Work order
Everything in the entries is to be written out exactly, except for the pictures.

▶

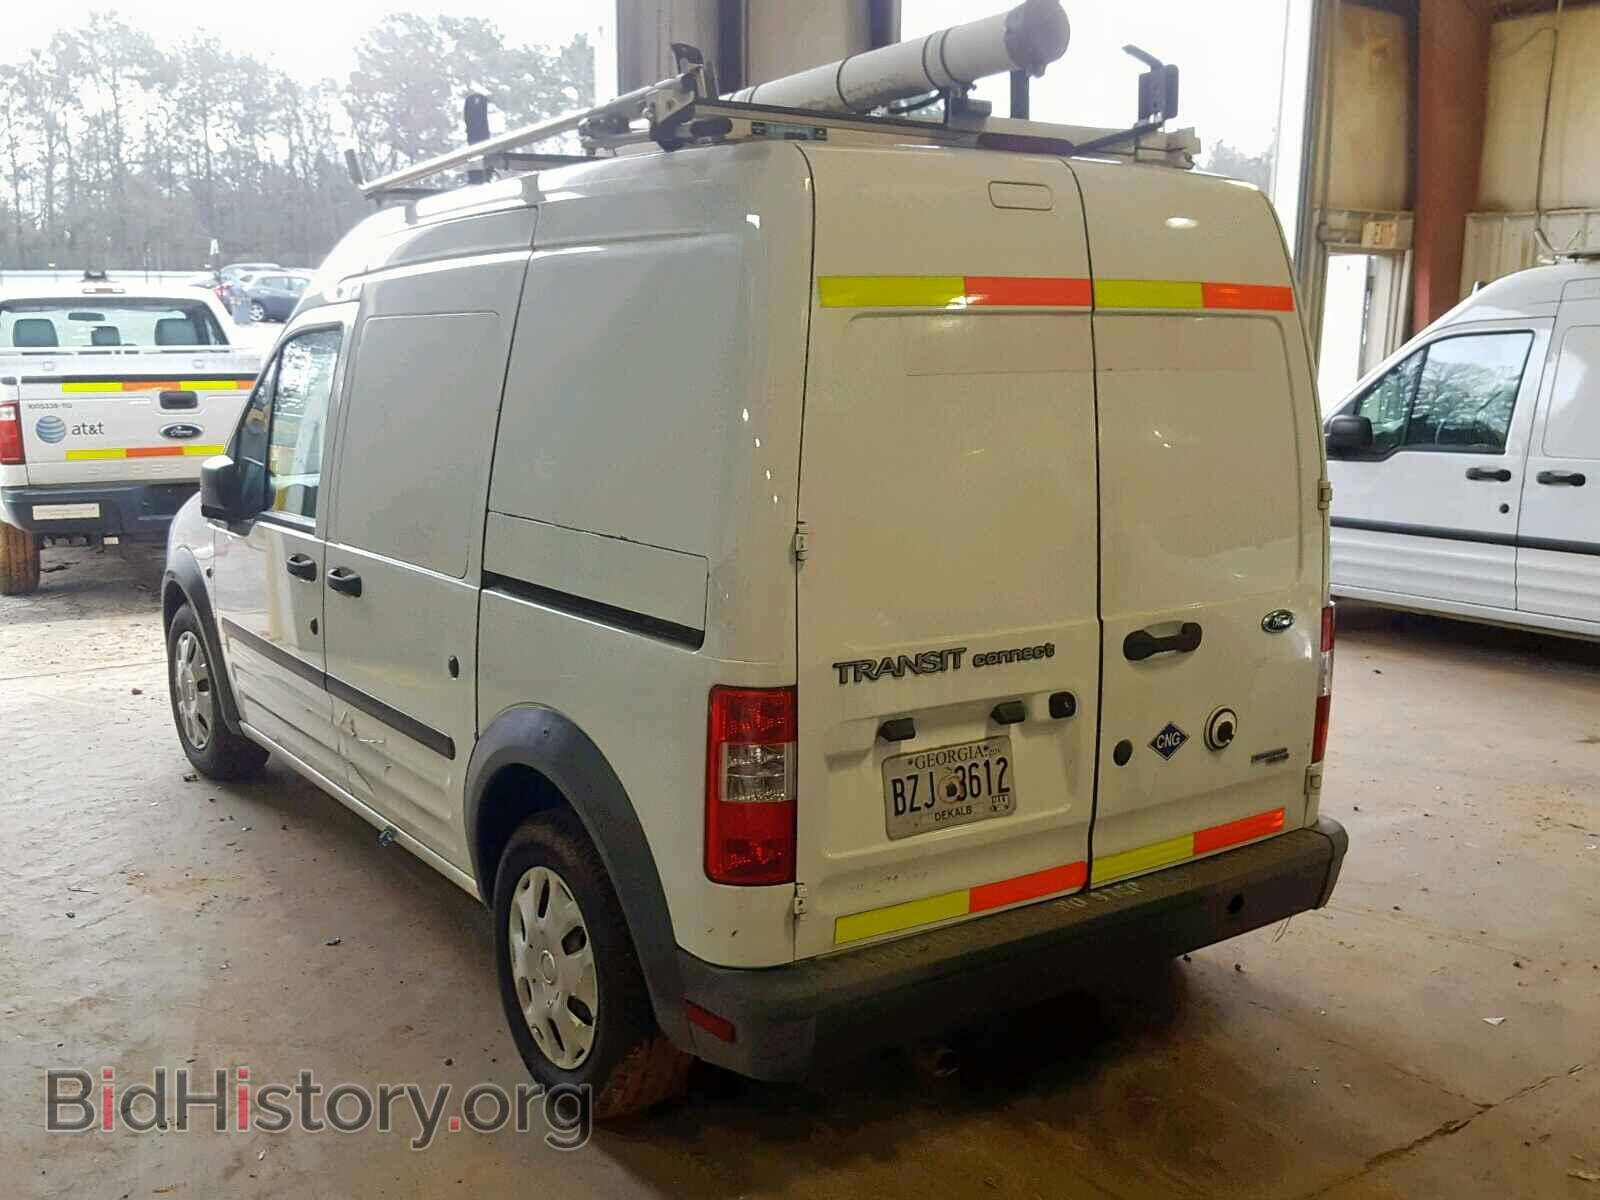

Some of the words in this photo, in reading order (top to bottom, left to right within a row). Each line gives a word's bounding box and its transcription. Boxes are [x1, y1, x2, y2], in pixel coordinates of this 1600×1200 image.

[72, 421, 105, 436] at&t
[832, 647, 967, 685] TRANSIT
[972, 642, 1055, 668] connect
[1156, 731, 1182, 749] CNG
[914, 747, 984, 770] GEORGIA
[890, 772, 936, 816] BZJ
[953, 757, 1011, 802] 3612
[934, 805, 973, 823] DEKALB

◀

Completed exercise
Some of the words in this photo, in reading order (top to bottom, left to right within a row). Each line gives a word's bounding box and its transcription. Boxes are [x1, y1, x2, y2], in pixel coordinates of this 1600×1200 image.

[72, 421, 105, 436] at&t
[832, 647, 967, 685] TRANSIT
[972, 642, 1055, 668] connect
[1156, 731, 1182, 749] CNG
[914, 747, 984, 770] GEORGIA
[890, 772, 936, 816] BZJ
[953, 757, 1011, 802] 3612
[934, 805, 973, 823] DEKALB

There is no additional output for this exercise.